TASK PROMPT: Send back every line of the data exactly.

--- SUPPLIED INFORMATION ---

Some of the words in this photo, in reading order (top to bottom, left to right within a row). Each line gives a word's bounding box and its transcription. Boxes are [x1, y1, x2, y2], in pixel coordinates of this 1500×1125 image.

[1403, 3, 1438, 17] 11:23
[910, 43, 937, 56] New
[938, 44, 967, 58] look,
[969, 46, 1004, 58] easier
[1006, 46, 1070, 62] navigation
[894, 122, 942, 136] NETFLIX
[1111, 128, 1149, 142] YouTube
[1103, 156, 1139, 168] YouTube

---

RESULT:
Some of the words in this photo, in reading order (top to bottom, left to right within a row). Each line gives a word's bounding box and its transcription. Boxes are [x1, y1, x2, y2], in pixel coordinates of this 1500×1125 image.

[1403, 3, 1438, 17] 11:23
[910, 43, 937, 56] New
[938, 44, 967, 58] look,
[969, 46, 1004, 58] easier
[1006, 46, 1070, 62] navigation
[894, 122, 942, 136] NETFLIX
[1111, 128, 1149, 142] YouTube
[1103, 156, 1139, 168] YouTube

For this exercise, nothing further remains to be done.